OPA 90 directs Cook Inlet RCAC to identify areas that are particularly sensitive to oil spills and to study environmental factors that affect the ability to prevent, respond to, or clean-up spilled oil. Knowing that shorelines are often the habitats exposed for the longest periods after an oil spill, Cook Inlet RCAC developed a coastal habitat mapping program with goals to inventory and characterize coastal habitats; identify and characterize unique or particularly sensitive habitats; and make information easily accessible to users.

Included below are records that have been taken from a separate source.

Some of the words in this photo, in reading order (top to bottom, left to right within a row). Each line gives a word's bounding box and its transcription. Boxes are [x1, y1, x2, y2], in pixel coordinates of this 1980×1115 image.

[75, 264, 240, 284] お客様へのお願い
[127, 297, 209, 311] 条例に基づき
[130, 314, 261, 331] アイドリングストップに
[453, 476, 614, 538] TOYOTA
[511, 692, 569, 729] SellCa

Highlights of this Cook Inlet RCAC program so far include:

  • Conducted biophysical habitat imaging and mapping for every inch of shoreline within our areas of concern, including the outer Kenai Peninsula, all of Cook Inlet, the Katmai Coast, and the Kodiak Island archipelago. Since our first surveys in 2001, there are now over 40 partnering organizations in an Alaska ShoreZone program, with over 50% of the entire state’s shoreline completed. Data and imagery are now administered and served by NOAA.
  • Provided detailed species assemblage maps of major salt marsh habitats in Cook Inlet through a partnership with the Kachemak Bay Research Reserve, including Chickaloon, Trading, Iliamna, Inisikin, Chinitna, and Tuxedni Bays and the Fox River Flats.

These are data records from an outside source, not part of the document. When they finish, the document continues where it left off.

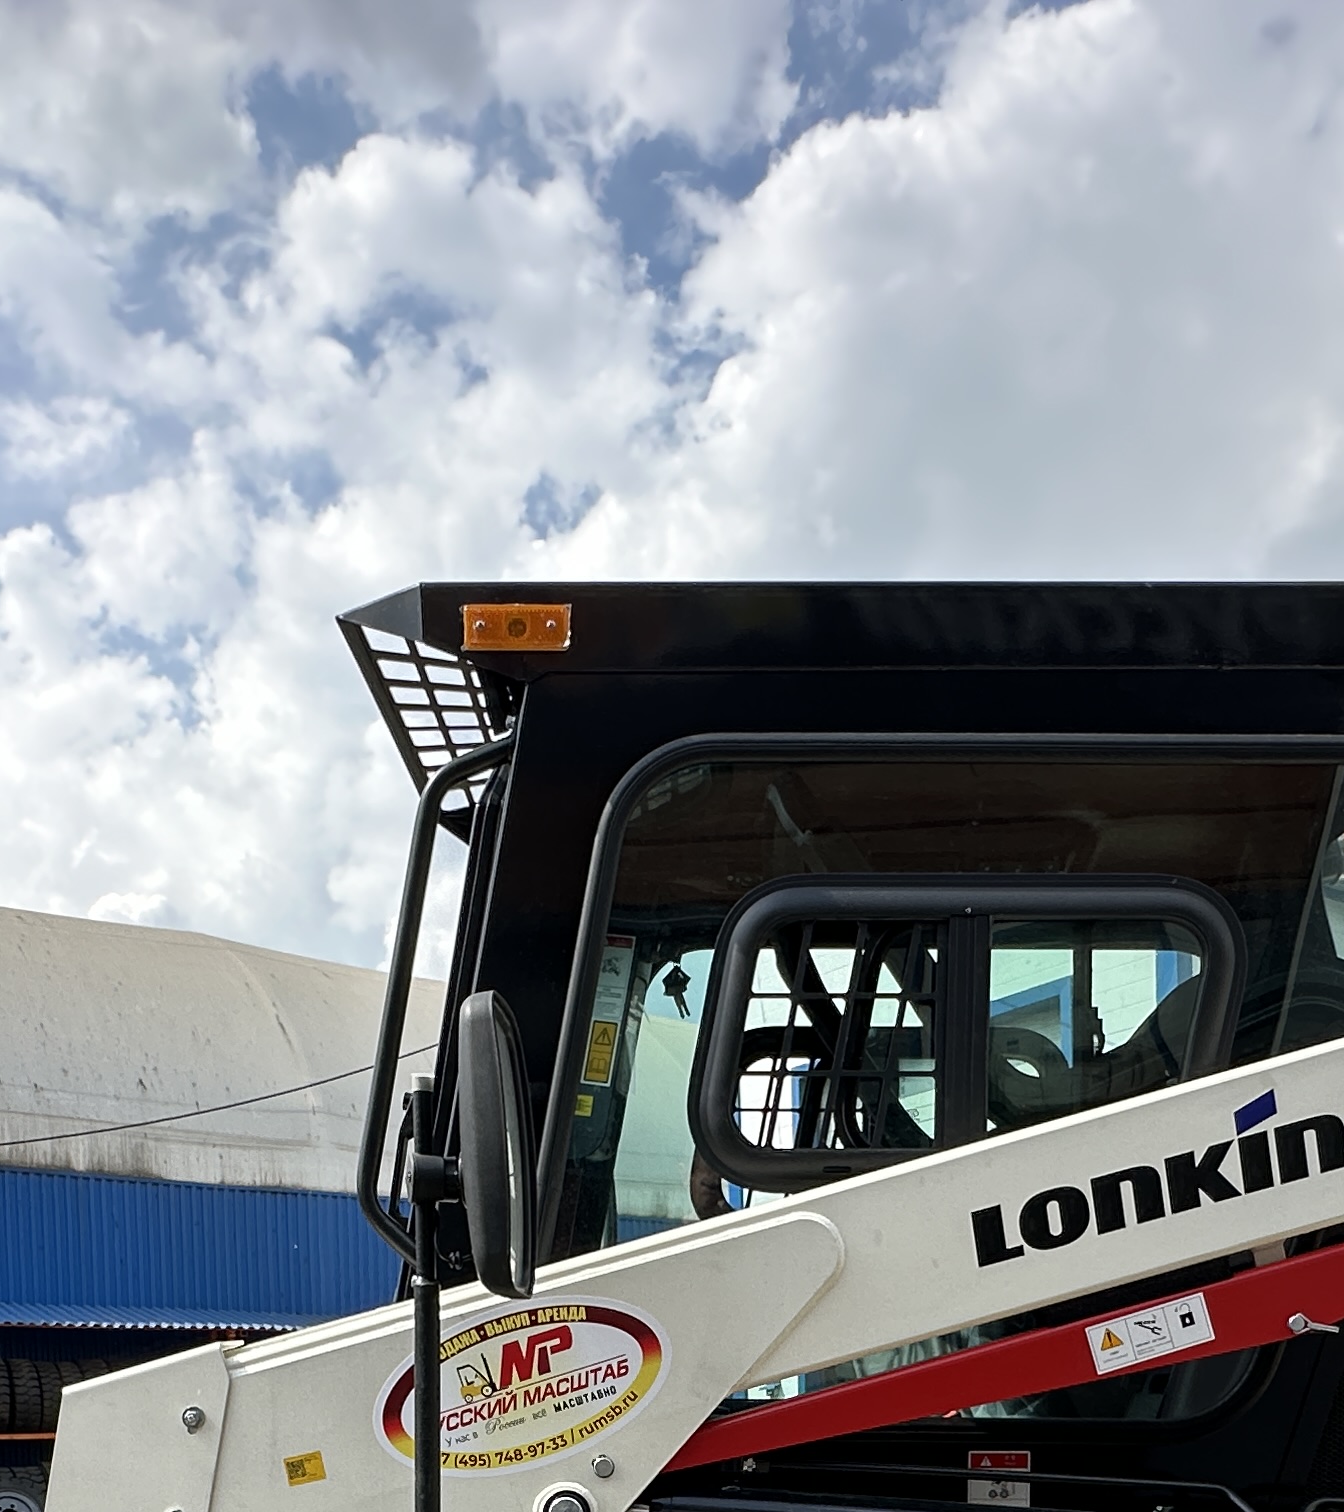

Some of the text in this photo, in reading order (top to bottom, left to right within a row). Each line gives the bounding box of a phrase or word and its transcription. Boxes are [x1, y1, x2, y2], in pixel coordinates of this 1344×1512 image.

[485, 1312, 531, 1337] ВЫКУП
[537, 1306, 587, 1323] АРЕНДА
[523, 1358, 629, 1408] МАСШТАБ
[553, 1385, 617, 1413] МАСШТАБНО
[454, 1453, 492, 1469] (495)
[495, 1434, 568, 1465] 748-97-33
[578, 1391, 639, 1439] rumsb.ru
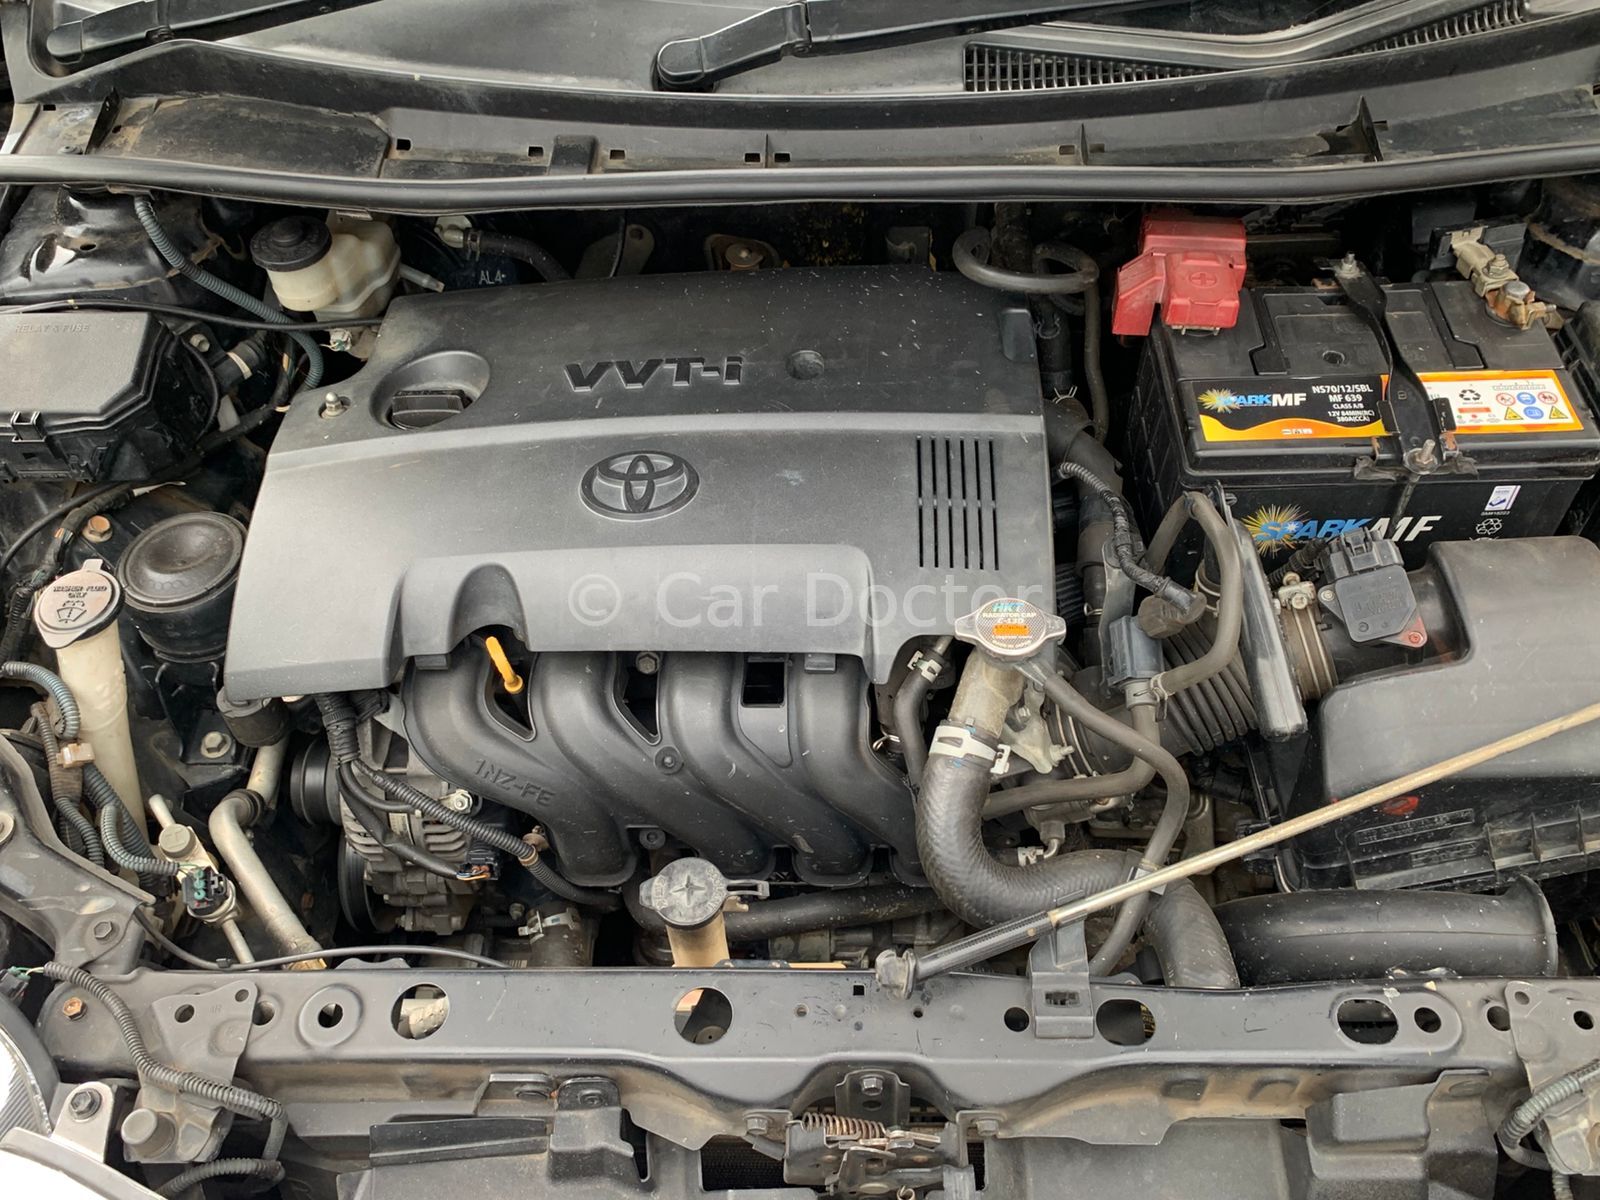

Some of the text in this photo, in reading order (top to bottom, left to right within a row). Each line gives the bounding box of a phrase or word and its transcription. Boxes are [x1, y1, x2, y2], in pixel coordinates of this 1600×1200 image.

  • Established on-the-beach surveys to document species-level information and detailed physical measurements for habitats observed during aerial surveys. To date, over a hundred sites in our area have been surveyed and a web-accessible database was developed with a link provided on the ShoreZone website.
  • Developed a flash video imagery tool for oil spill planning and response.
  • Discovered several unique habitats in our areas of concern, including seaweed habitats in Kamishak Bay that may not exist elsewhere in the world.
  • Surveyed previously un-described Macrocystis kelp beds in the Kodiak Island Archipelago.
  • Described a potential Arctic Relict Assemblage on the west side of Cook Inlet through a partnership with the University of Alaska.
  • Sponsored development and hosting of Seaweeds of Alaska website as a research and public outreach tool focused on intertidal and nearshore seaweed.